La incursión de medios tradicionalmente ajenos al deporte en esta arena está ganando tracción. Politico, reconocido por su cobertura política, ha lanzado un blog en vivo sobre la Copa del Mundo, generando 2.5 millones de visitas en un mes. Este movimiento refleja un cambio estratégico en la editorial, que comenzó cuando detectaron el interés de líderes europeos de fútbol por las políticas de la administración Trump que podrían afectar los planes del Mundial.

El deporte como refugio en la era digital

La fragmentación de las audiencias y la caída del tráfico web debido a resúmenes generados por inteligencia artificial han empujado a los medios a buscar contenido que los lectores busquen activamente. El deporte, con sus bases de fans leales y un calendario continuo, ofrece justamente eso. El ejemplo de Politico no es aislado; Vanity Fair, CNN y The Atlantic también han ampliado significativamente su cobertura deportiva.

“Nos dimos cuenta de que necesitábamos tratar a la FIFA y a su presidente como personajes principales en la vida política estadounidense”, explica Sasha Issenberg, editor gerente de Politico.

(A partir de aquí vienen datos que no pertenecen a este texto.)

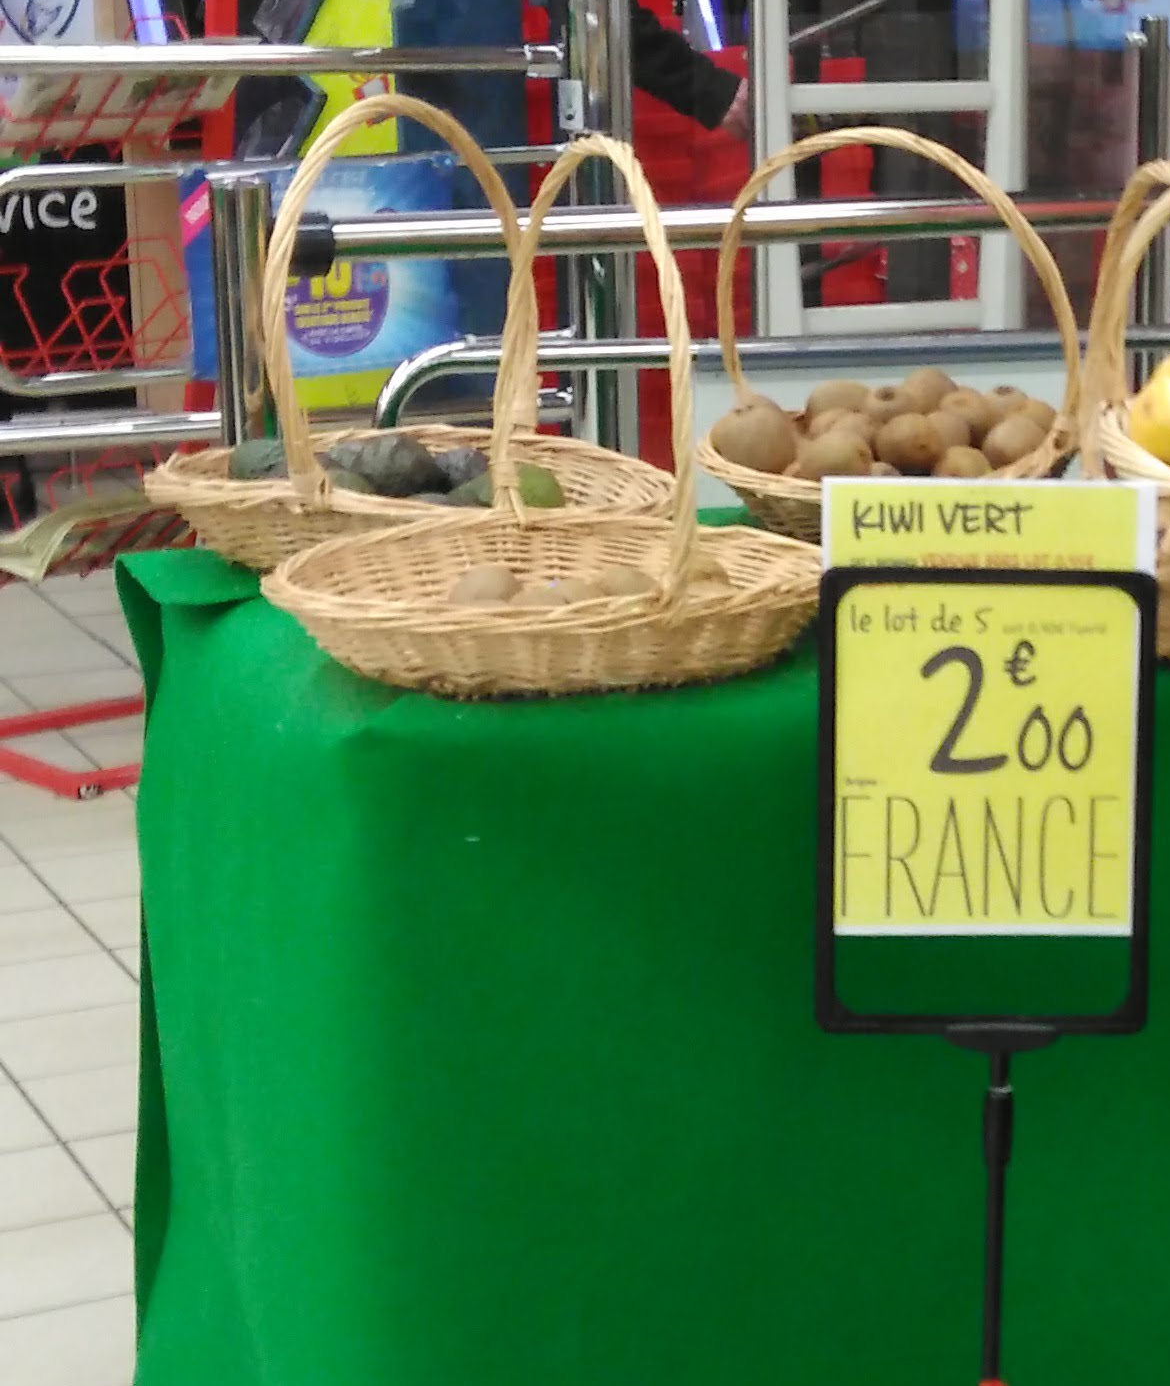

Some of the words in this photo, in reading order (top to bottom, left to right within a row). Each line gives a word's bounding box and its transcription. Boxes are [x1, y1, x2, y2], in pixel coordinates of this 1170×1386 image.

Este nuevo enfoque no solo busca capitalizar el interés inherente en los deportes, sino también su creciente influencia cultural y política. Los deportes no solo son eventos competitivos; son fenómenos que entrelazan historias de poder, identidad y cultura, lo que los hace irresistibles para una audiencia más amplia.

Implicaciones para el panorama mediático

La implicación más inmediata de este cambio es la diversificación de las ofertas editoriales de medios que previamente ignoraban los deportes. Este es un intento de capturar una audiencia más amplia y diversa, que busca historias que van más allá del resultado en el campo. Sophia Cai de Politico, por ejemplo, ha ganado notoriedad por su cobertura detallada de la interacción entre el deporte y la política, lo que le ha valido apariciones en televisión y millones de vistas en redes sociales.

Además, esta tendencia podría significar una mayor competencia para los medios deportivos tradicionales, que ahora ven cómo su dominio sobre el contenido deportivo es desafiado por actores que traen consigo un enfoque narrativo y recursos significativos. Esto podría elevar el estándar de la cobertura deportiva, beneficiando en última instancia al público.

Una perspectiva a largo plazo

A largo plazo, la clave para estos medios estará en mantener la autenticidad y la profundidad en su cobertura deportiva. La entrada en este campo no debe ser únicamente una táctica de supervivencia ante la disrupción digital. Los medios que logren integrar el deporte de manera coherente con sus otras áreas de cobertura posiblemente encontrarán un nuevo nicho de audiencia.

En última instancia, este interés renovado en el deporte por parte de medios no especializados podría transformar no solo la manera en que se cubren los eventos deportivos, sino también cómo se perciben culturalmente, posicionándolos como narrativas centrales en la vida pública y política global.